Somme toute, l'analyse de Friedberg dans l'un de ses derniers ouvrages intitulé  « le pouvoir et la règle dynamique de l'action organisée »18(*) prend en compte le champ de notre étude qui se veut de comprendre les comportements des acteurs victimes à la réticence tels qu'analysé précédemment plus haut.

Le modèle d'étude étant défini, il convient de clarifier les concepts autour desquels va se consacrer notre étude

Quelques définitions pour clarifier les concepts qui nous serons familiers durant cette étude.

2.3- Clarification conceptuelle

Réfugié : la définition de ce concept se repose sur trois instruments importants d'application régionale : les principes de Bangkok adoptés en 1966 par ce qui s'appelait alors Comité consultatif juridique afro-asiatique (AALCC), la Convention de l'Organisation de l'Unité africaine (OUA) régissant les aspects propres aux problèmes des réfugiés en Afrique adoptée en 1969, et la Déclaration de Carthagène de 1984.

La conjugaison de ces éléments dit alors que le réfugié est une personne :

· qui craint avec raison d'être persécutée du fait de sa race, de sa religion, de sa nationalité, de son appartenance à un certain groupe social ou de ses opinions politiques

· qui se trouve hors du pays dont elle a la nationalité

· qui ne peut ou ne veut se réclamer de la protection du pays dont elle a la nationalité ou dans lequel se trouve sa résidence habituelle et ne veut y retourner par crainte d'être persécutée.

Au plan du droit international, une personne est considérée comme un réfugié dès qu'elle répond aux critères retenus pour la définition.
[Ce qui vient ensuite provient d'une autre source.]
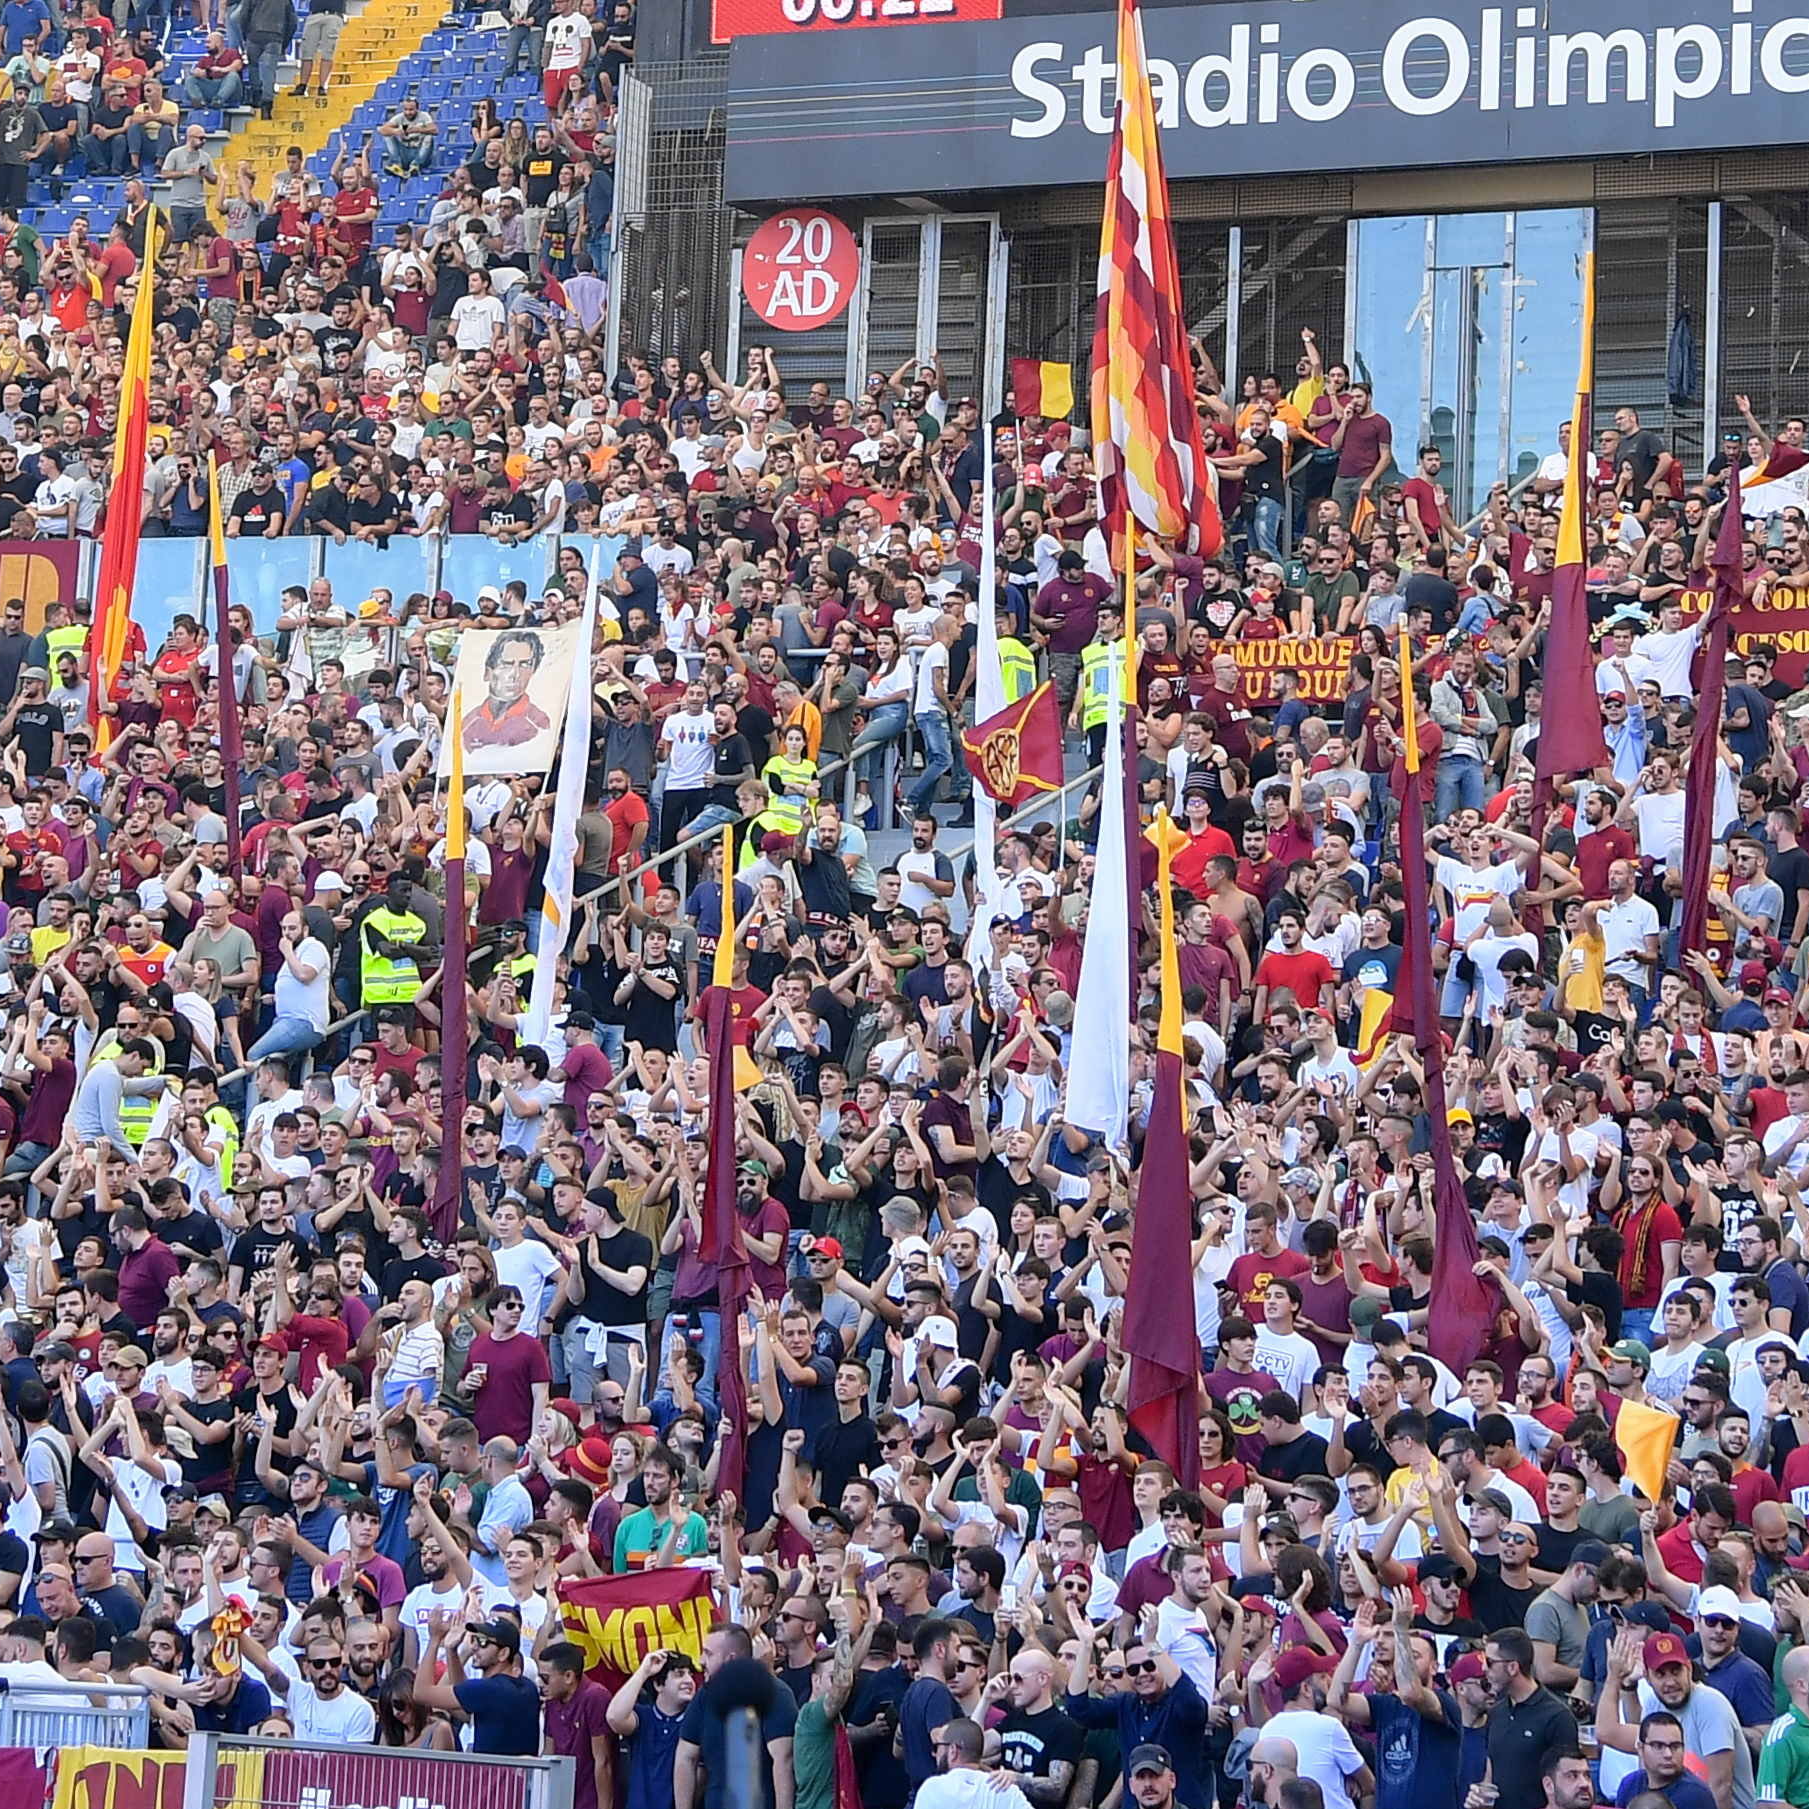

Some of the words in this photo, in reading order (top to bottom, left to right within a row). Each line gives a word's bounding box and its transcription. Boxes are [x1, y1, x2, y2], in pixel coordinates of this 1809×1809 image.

[776, 217, 833, 264] 20
[766, 267, 836, 317] AD
[1255, 1353, 1290, 1370] CCTV
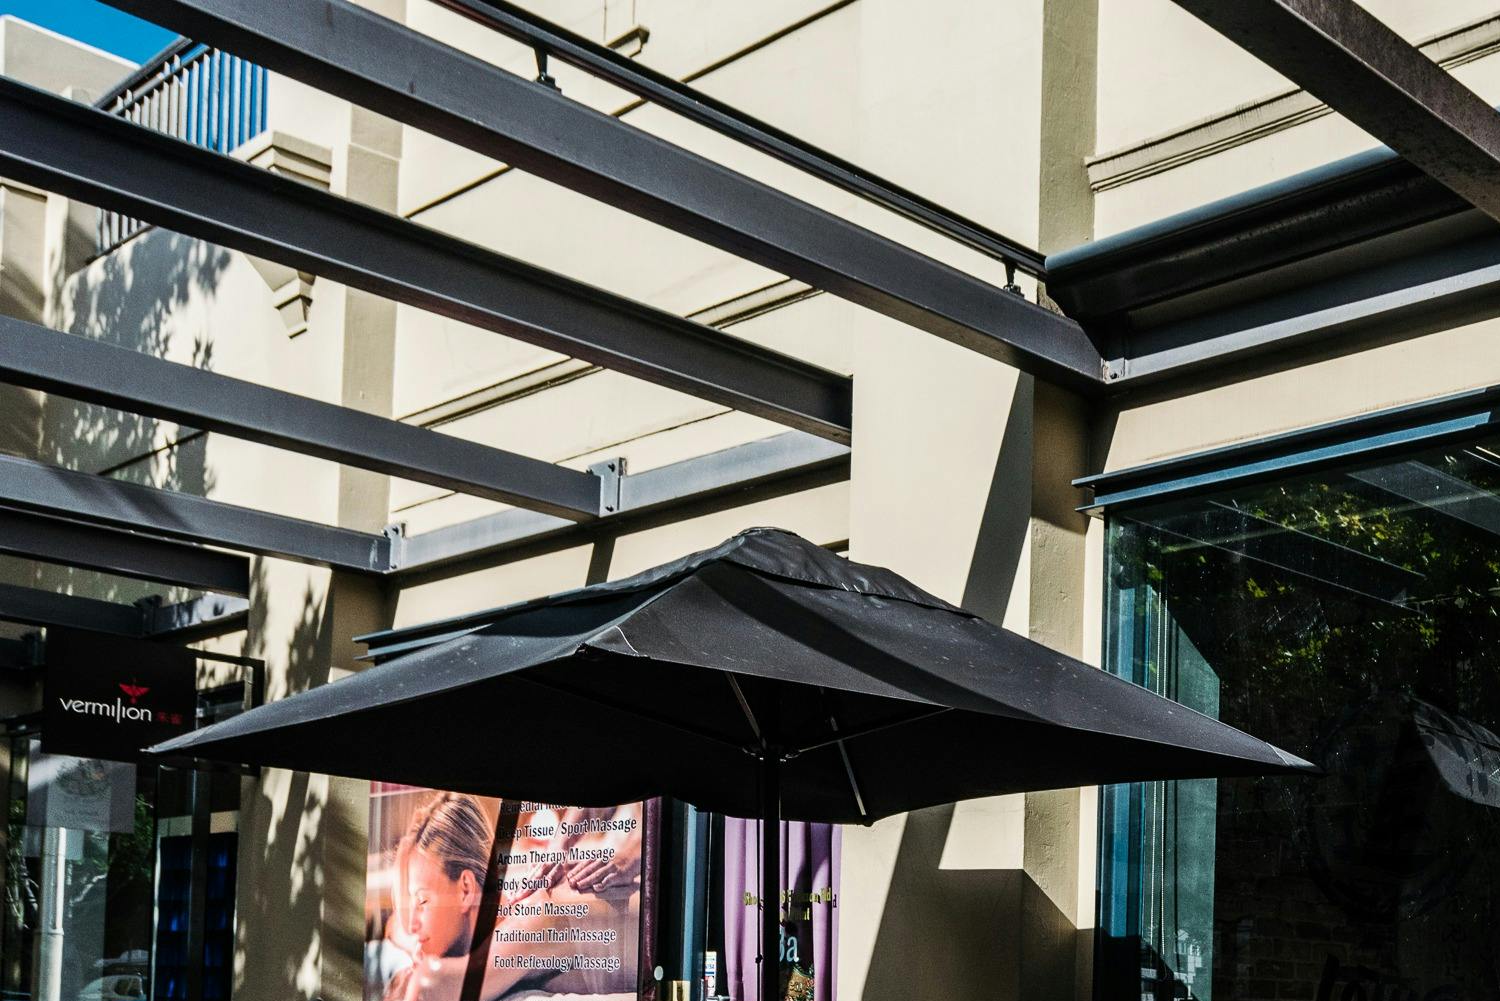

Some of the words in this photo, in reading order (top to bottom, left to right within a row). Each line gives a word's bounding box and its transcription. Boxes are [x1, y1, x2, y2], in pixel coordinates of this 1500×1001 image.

[59, 697, 151, 723] vermilion
[590, 818, 637, 833] Massage
[498, 853, 526, 865] Aroma
[530, 850, 567, 865] Therapy
[569, 848, 615, 864] Massage
[498, 878, 519, 893] Body
[522, 877, 549, 890] Scrub
[497, 904, 512, 916] Hot
[514, 903, 541, 916] Stone
[544, 902, 589, 918] Massage
[495, 930, 545, 943] Traditional
[547, 929, 568, 942] Thai
[570, 928, 616, 944] Massage
[494, 956, 514, 968] Foot
[517, 955, 573, 972] Reflexology
[574, 955, 620, 972] Massage
En appliquant ces critères, une personne n'acquiert pas le statut de réfugié parce qu'elle est reconnue comme tel, mais bénéficie de cette reconnaissance parce qu'elle est un réfugié. Toute déclaration relative au statut de réfugié précise que la personne visée est un réfugié.
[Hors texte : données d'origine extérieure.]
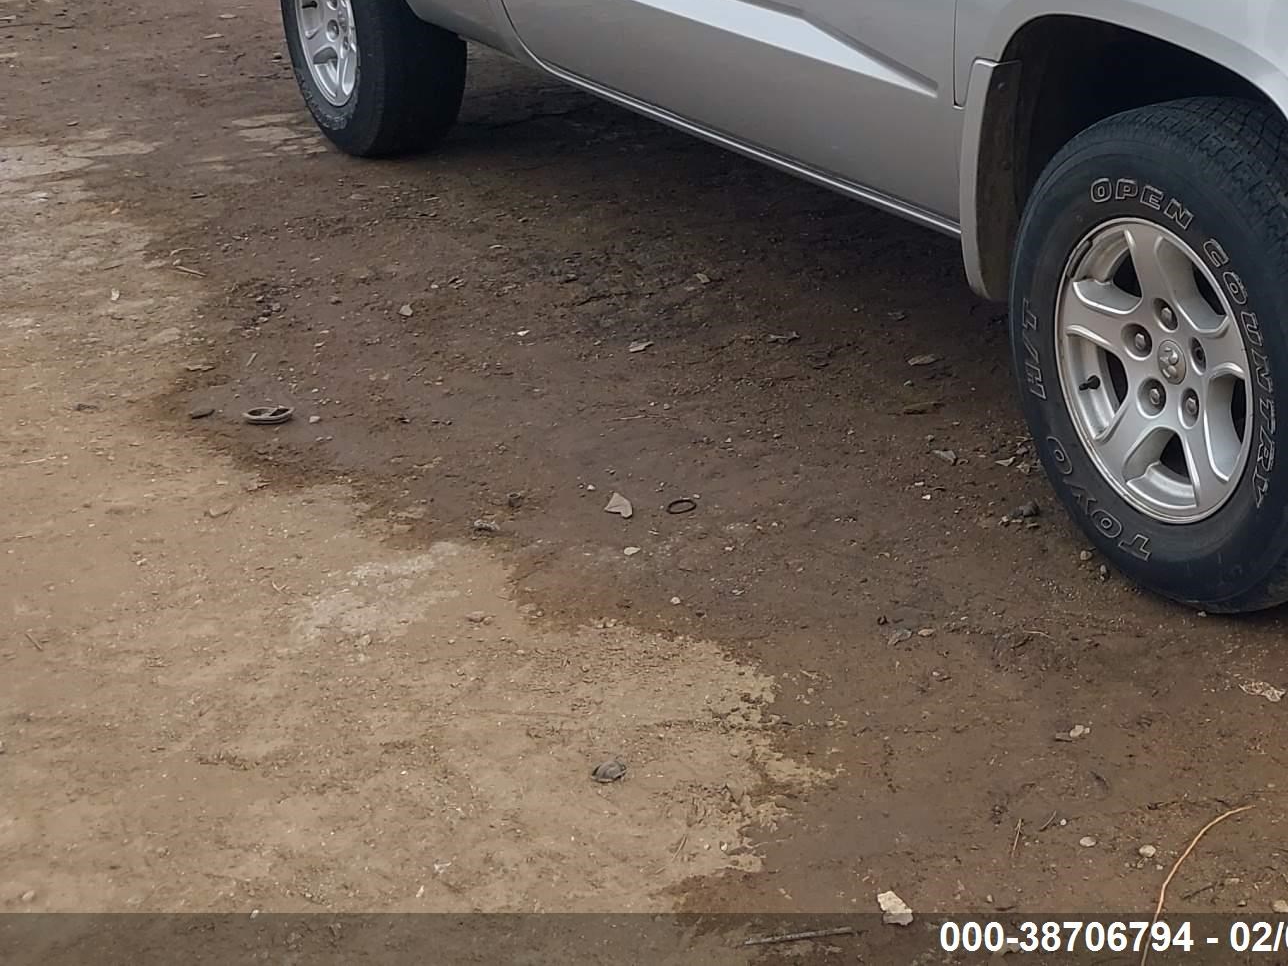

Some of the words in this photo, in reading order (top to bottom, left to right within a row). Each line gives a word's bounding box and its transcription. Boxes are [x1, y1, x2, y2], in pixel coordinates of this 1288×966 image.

[1090, 177, 1195, 231] OPEN
[1203, 237, 1276, 509] COUNTRY
[1047, 435, 1152, 562] TOYO
Solution durable : permet au réfugié de sortir de la condition précaire de l'asile et d'entamer une reconstruction de sa vie étant entendu que la durée de l'asile devra être la plus courte possible. C'est donc tout moyen permettant de résoudre de façon satisfaisante et durable les problèmes que pose la situation des réfugiés et de leur faire mener une existence normale. Il existe trois solutions durables à savoir : rapatriement librement consenti, l'intégration locale et la réinstallation.

Rapatriement librement consenti (RLC) : est le retour volontaire d'un réfugié dans son pays d'origine pour s'y établir durablement. Le HCR ne mettra en oeuvre cette solution durable que si des conditions de sécurité et de dignité sont réunies.
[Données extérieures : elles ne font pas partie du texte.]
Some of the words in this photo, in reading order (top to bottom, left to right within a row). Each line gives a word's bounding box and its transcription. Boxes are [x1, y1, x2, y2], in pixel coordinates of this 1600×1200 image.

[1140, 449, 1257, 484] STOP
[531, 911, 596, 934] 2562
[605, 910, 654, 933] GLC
Le point de départ du RLC est :

- une décision libre du réfugié basée sur une information objective.

- L'Etat d'origine dot veiller à assurer des conditions d'accès aux services de base et à mettre en oeuvre, dans la mesure du possible, des programmes de réinsertion socio-économiques en collaboration avec le HCR et d'autres agences des Nations Unies.

Le rapatriement peut être :

Spontané, lorsque le réfugié décide de renter spontanément sans informer le HCR.

Facilité, dans le cas où suit à une évolution positive de la situation dans le pays, des réfugiés manifestent le souhait de retourner dans leur pays. Le HCR peut accorder une assistance qui néanmoins sera limitée.

Organisé, après la signature des accords tripartites entre le pays d'asile, le pays d'origine et le HCR par lesquels les Etats offrent des garanties pour un retour dans la sécurité et la dignité. Le HCR, en collaboration avec d'autres partenaires organise une campagne de sensibilisation au retour. Une assistance est accordée aux réfugiés et un programme de réintégration des rapatriés est mis en place avec les partenaires.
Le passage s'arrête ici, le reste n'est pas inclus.